→ RECORDED INFORMATION
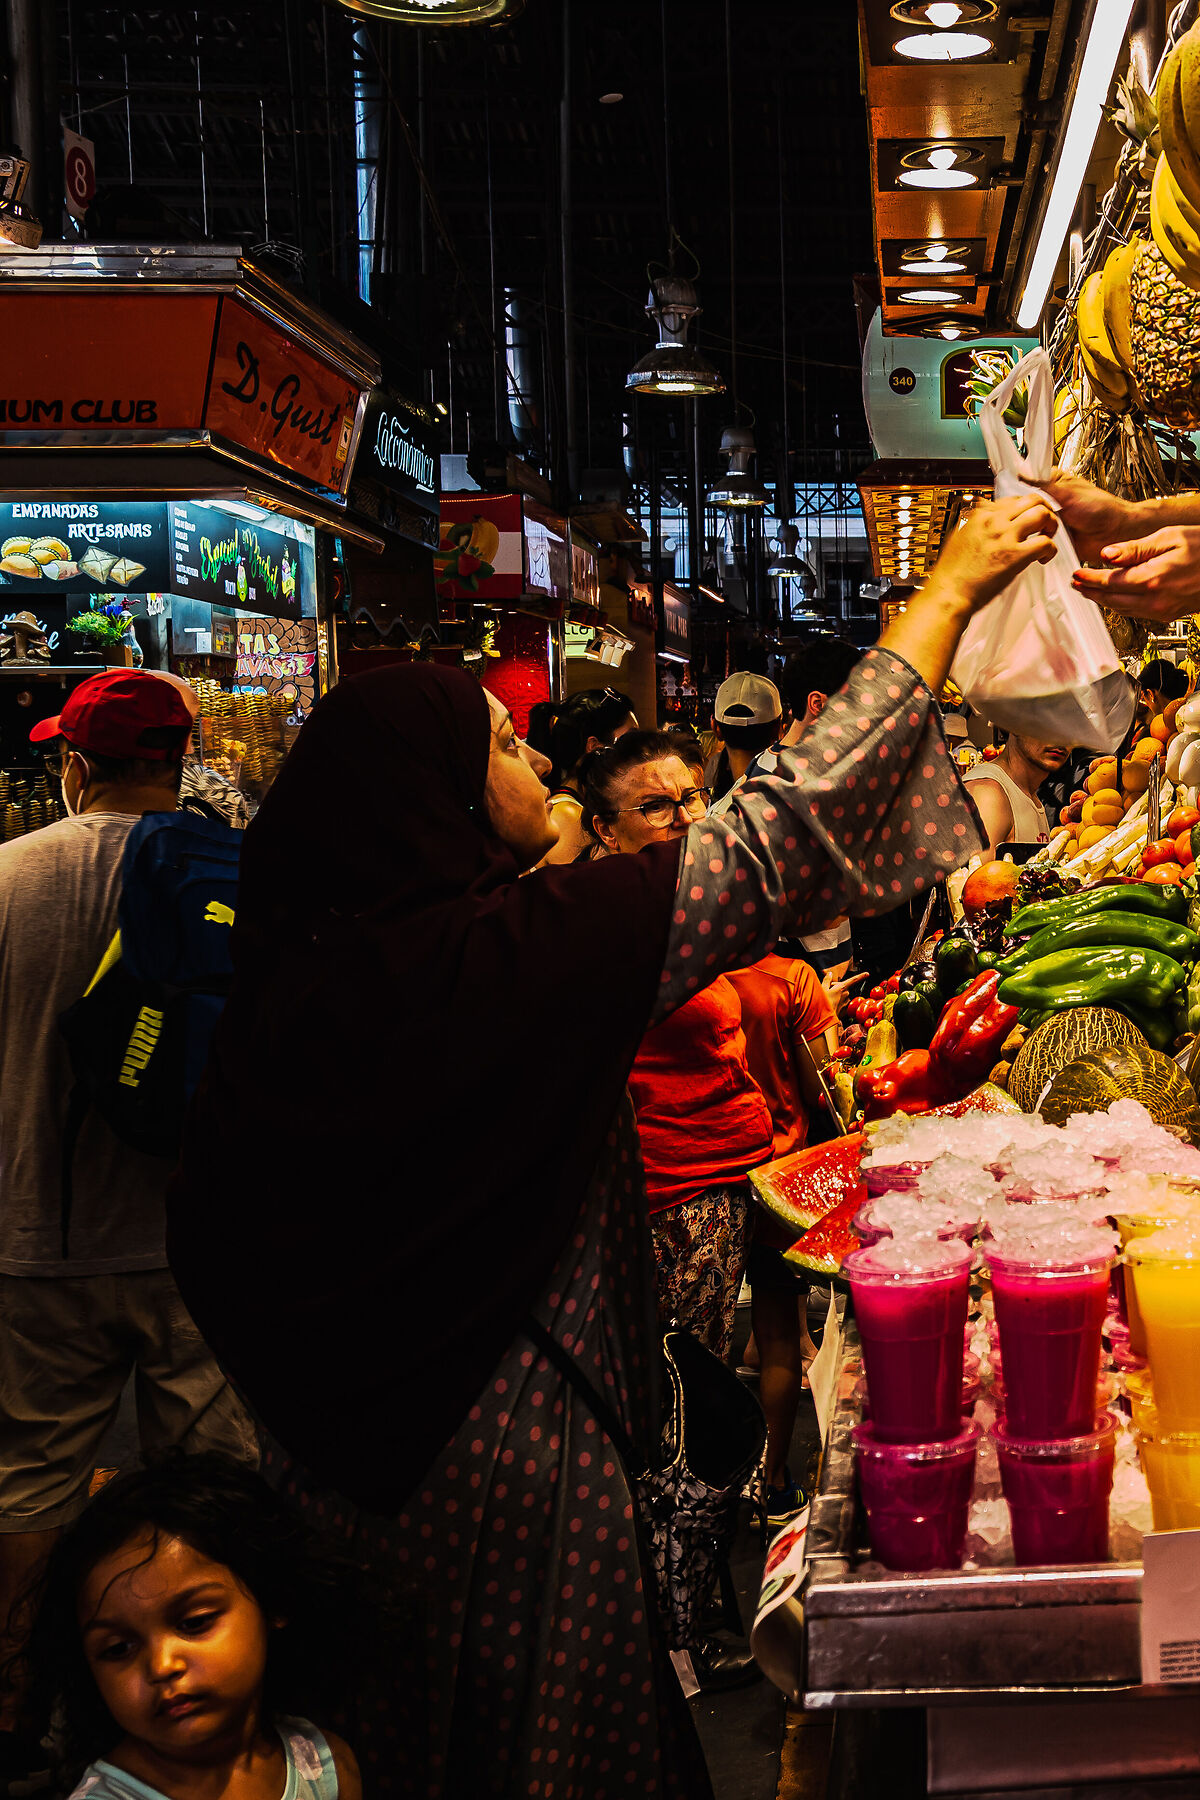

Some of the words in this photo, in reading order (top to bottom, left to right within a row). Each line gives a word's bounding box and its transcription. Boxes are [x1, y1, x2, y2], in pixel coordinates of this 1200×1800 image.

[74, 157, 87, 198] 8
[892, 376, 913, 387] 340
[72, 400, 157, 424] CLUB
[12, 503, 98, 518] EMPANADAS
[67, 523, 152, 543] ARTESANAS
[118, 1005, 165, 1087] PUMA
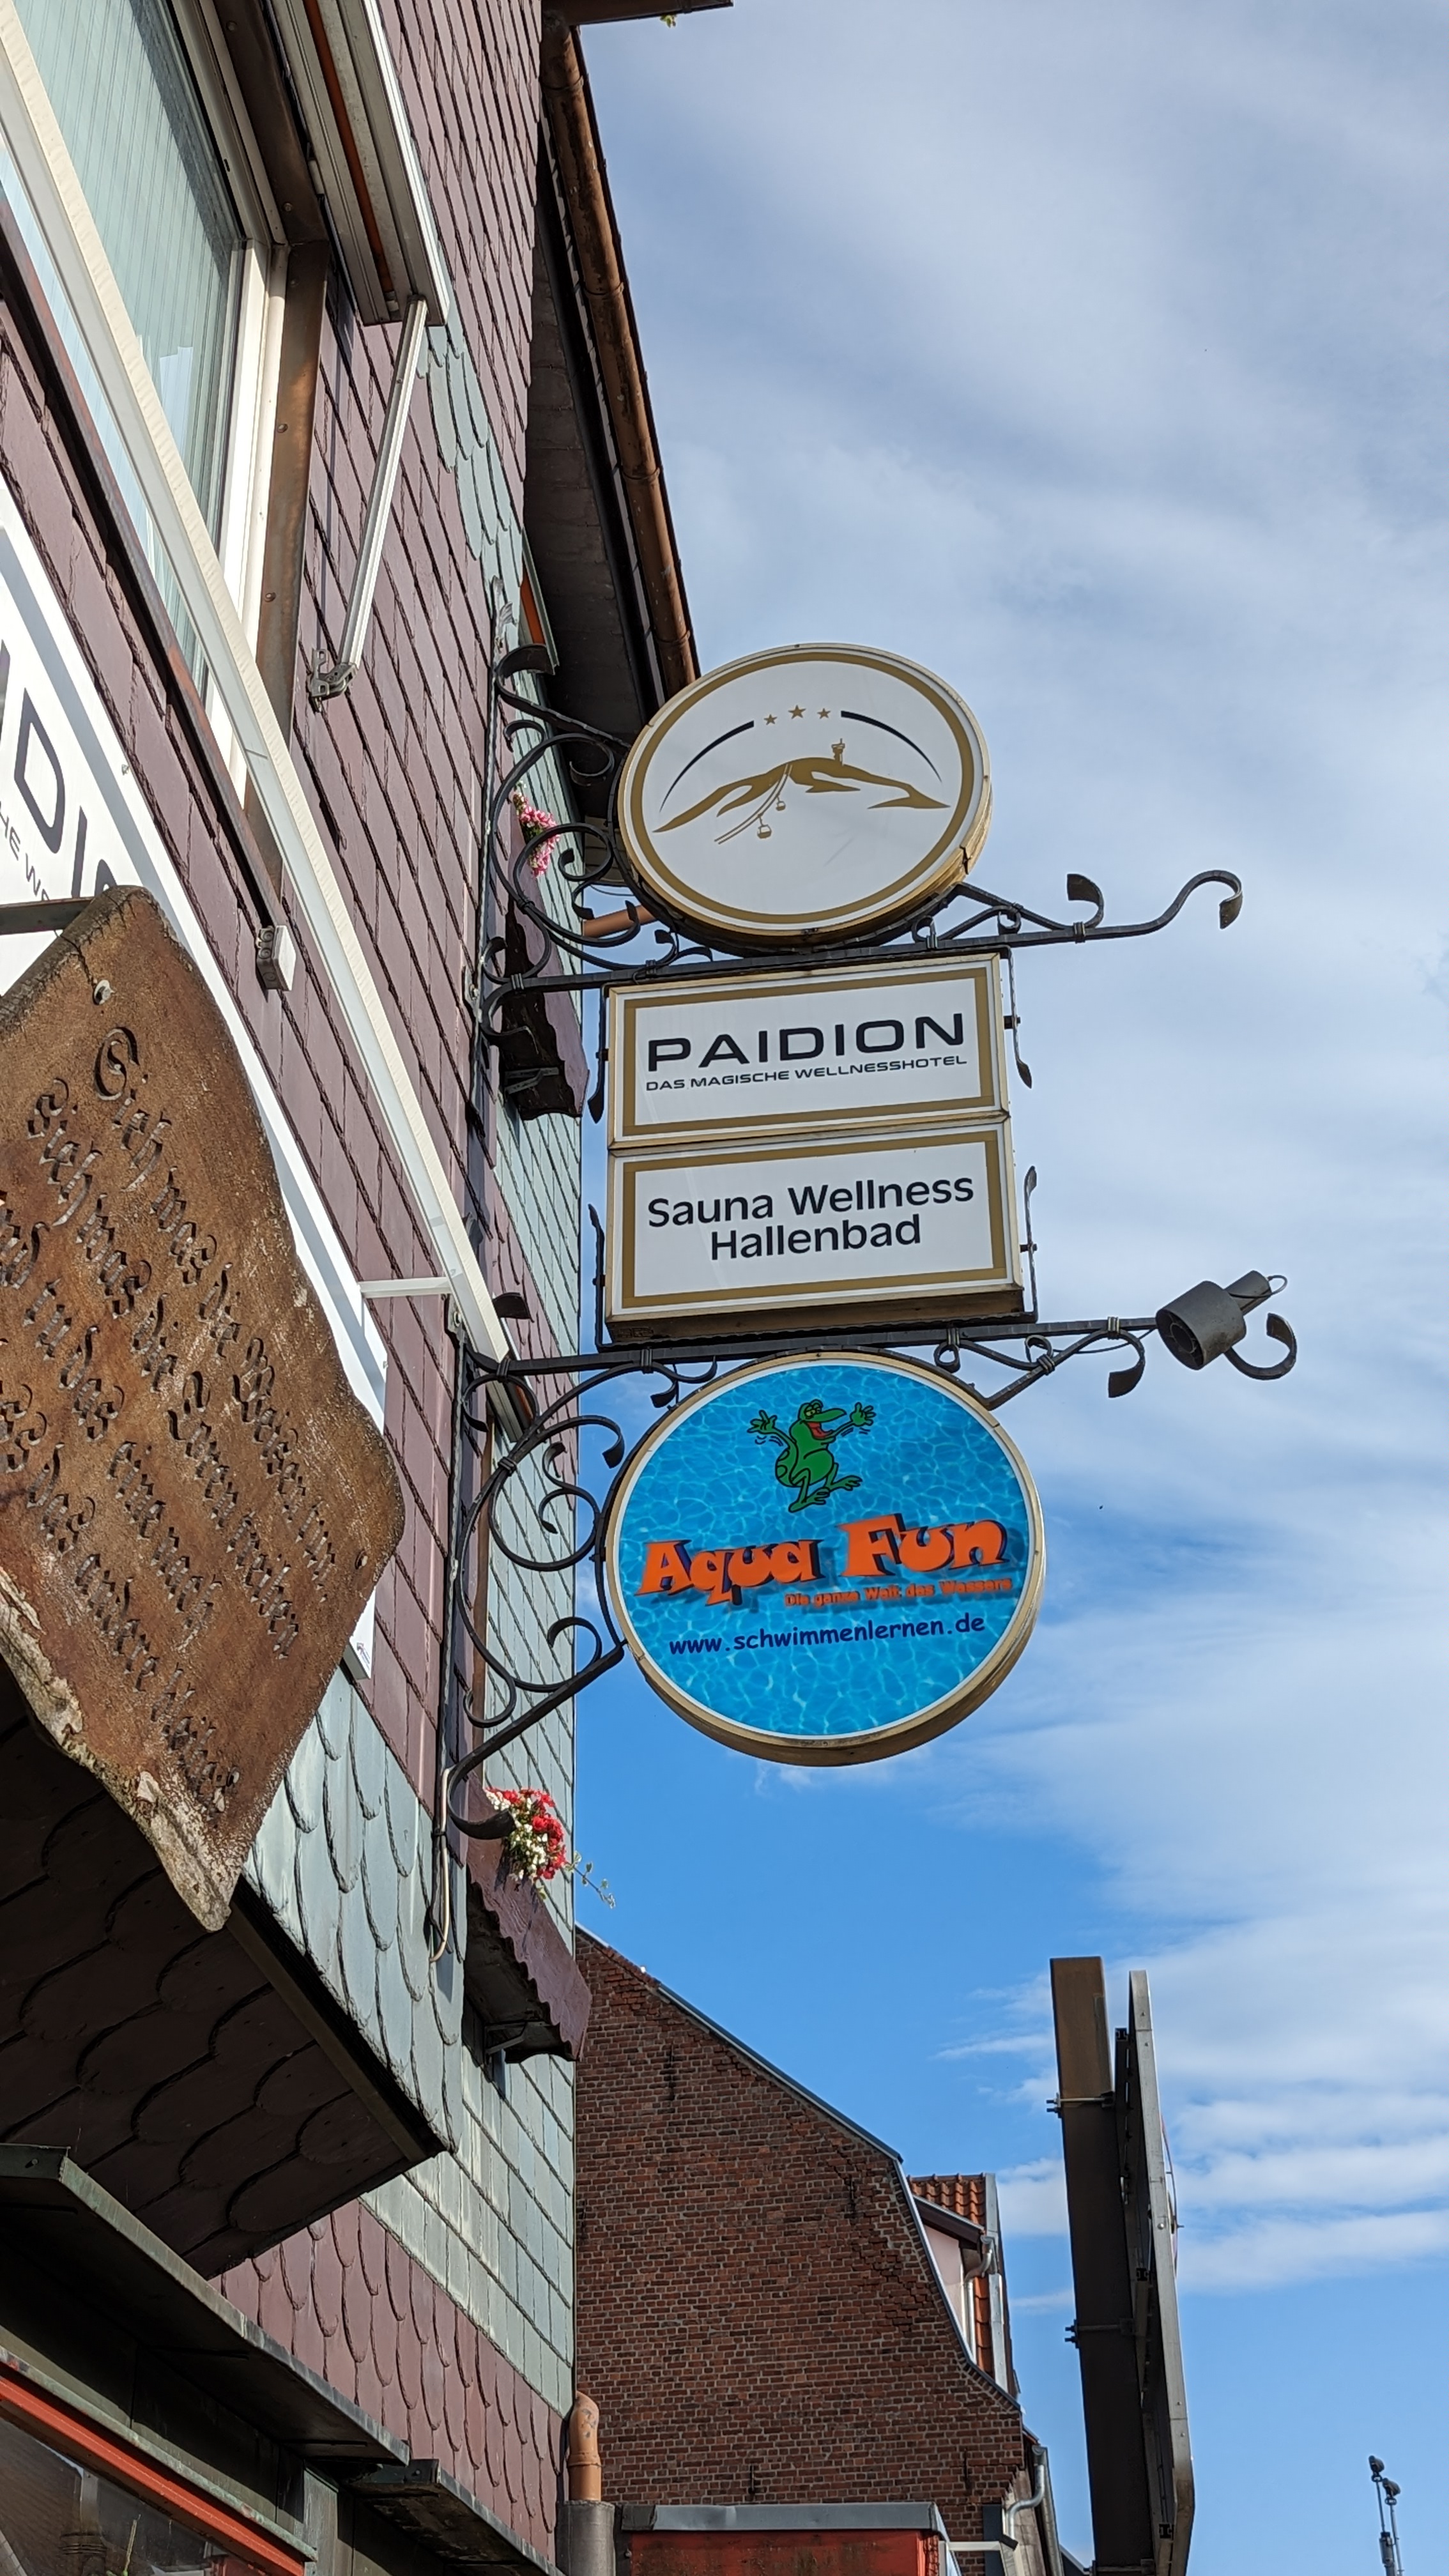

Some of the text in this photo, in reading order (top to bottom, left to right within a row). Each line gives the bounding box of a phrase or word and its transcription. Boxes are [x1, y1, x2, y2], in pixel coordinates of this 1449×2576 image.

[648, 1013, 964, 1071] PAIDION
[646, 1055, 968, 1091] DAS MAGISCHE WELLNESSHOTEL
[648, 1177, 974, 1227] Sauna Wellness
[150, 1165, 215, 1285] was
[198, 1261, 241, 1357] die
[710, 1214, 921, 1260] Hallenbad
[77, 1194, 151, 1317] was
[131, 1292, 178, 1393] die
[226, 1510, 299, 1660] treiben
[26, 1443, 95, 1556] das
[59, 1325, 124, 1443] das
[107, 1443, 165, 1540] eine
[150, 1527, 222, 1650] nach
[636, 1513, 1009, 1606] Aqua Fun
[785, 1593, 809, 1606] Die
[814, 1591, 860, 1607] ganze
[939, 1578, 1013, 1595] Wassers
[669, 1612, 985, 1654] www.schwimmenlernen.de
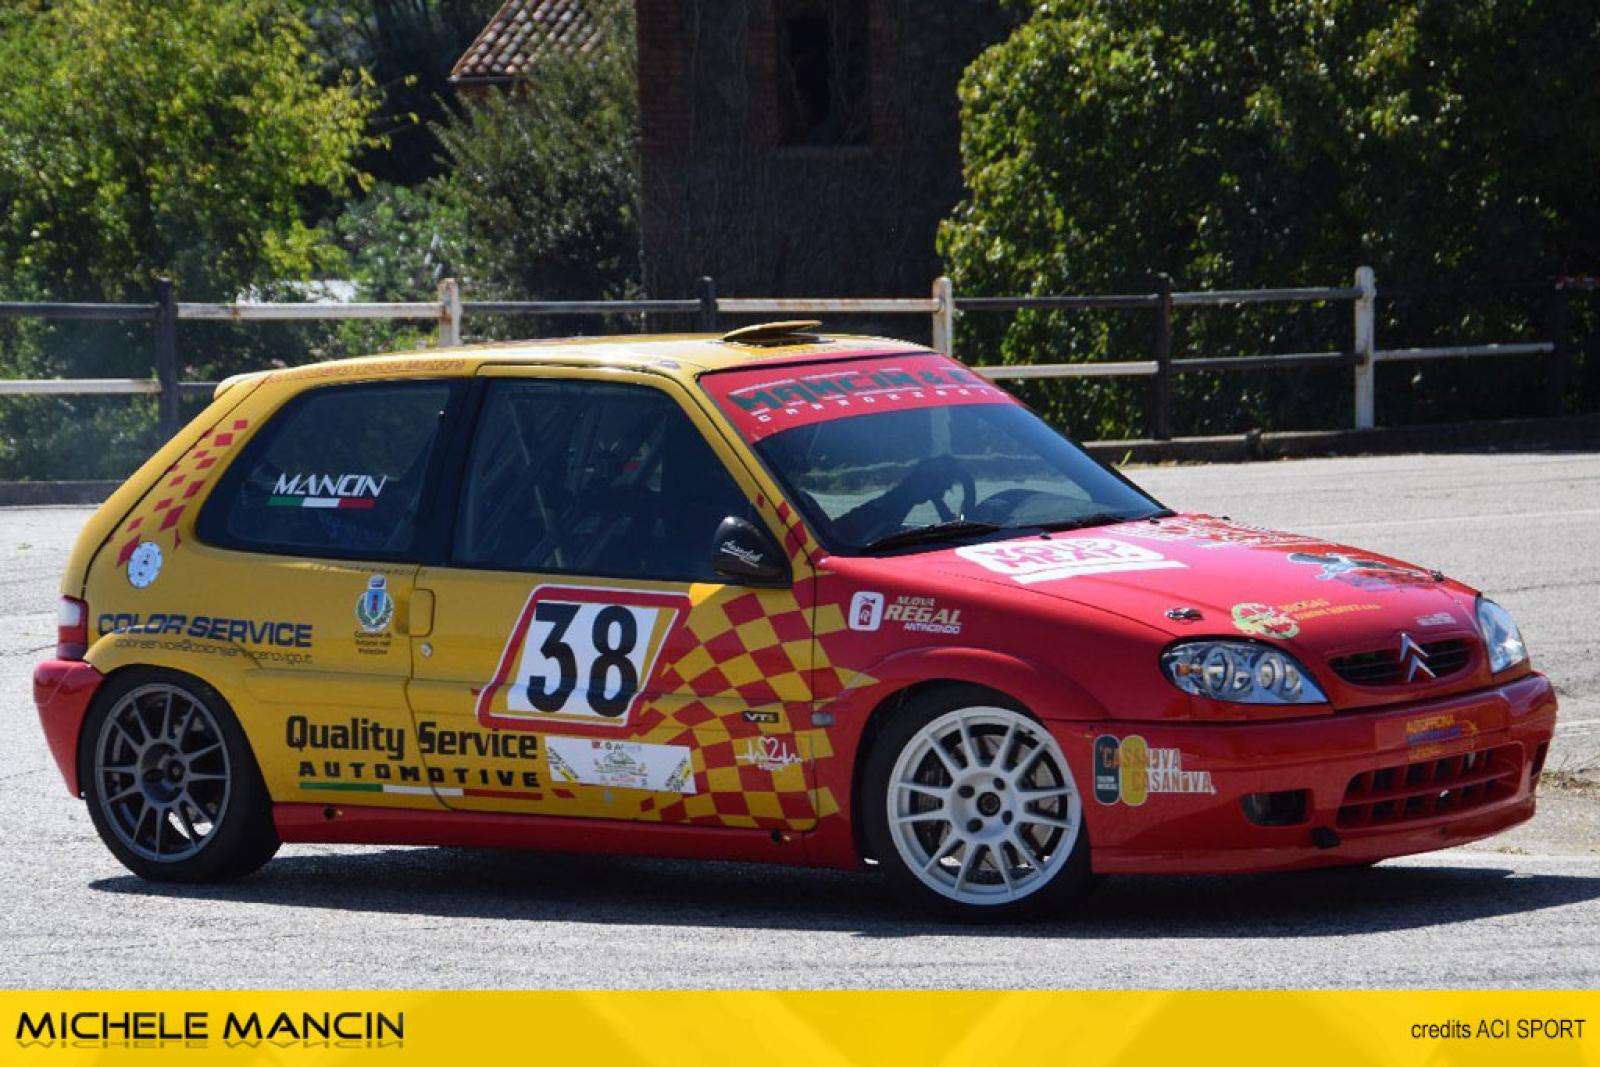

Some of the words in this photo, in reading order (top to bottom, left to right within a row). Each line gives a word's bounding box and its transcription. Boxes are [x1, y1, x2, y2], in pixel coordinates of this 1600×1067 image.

→ DESCRIPTION OF THE TASK
Text only, no pictures: copy every entry exactly.

→ ANSWER SECTION
Some of the words in this photo, in reading order (top to bottom, left to right within a row). Each line gives a word's bounding box and its transcription. Boxes are [x1, y1, x2, y2], in pixel coordinates of this 1200×1800 image.

[74, 157, 87, 198] 8
[892, 376, 913, 387] 340
[72, 400, 157, 424] CLUB
[12, 503, 98, 518] EMPANADAS
[67, 523, 152, 543] ARTESANAS
[118, 1005, 165, 1087] PUMA

Some of the text in this photo, in reading order (top to bottom, left to right within a row). Each line gives the bounding box of a phrase or word and its transcription. Boxes are [x1, y1, x2, y2], in pixel coordinates of this 1449×2576 image.

[648, 1013, 964, 1071] PAIDION
[646, 1055, 968, 1091] DAS MAGISCHE WELLNESSHOTEL
[648, 1177, 974, 1227] Sauna Wellness
[150, 1165, 215, 1285] was
[198, 1261, 241, 1357] die
[710, 1214, 921, 1260] Hallenbad
[77, 1194, 151, 1317] was
[131, 1292, 178, 1393] die
[226, 1510, 299, 1660] treiben
[26, 1443, 95, 1556] das
[59, 1325, 124, 1443] das
[107, 1443, 165, 1540] eine
[150, 1527, 222, 1650] nach
[636, 1513, 1009, 1606] Aqua Fun
[785, 1593, 809, 1606] Die
[814, 1591, 860, 1607] ganze
[939, 1578, 1013, 1595] Wassers
[669, 1612, 985, 1654] www.schwimmenlernen.de

Some of the words in this photo, in reading order (top to bottom, left to right within a row). Each line gives a word's bounding box and its transcription. Boxes are [x1, y1, x2, y2], in pixel coordinates of this 1600×1067 image.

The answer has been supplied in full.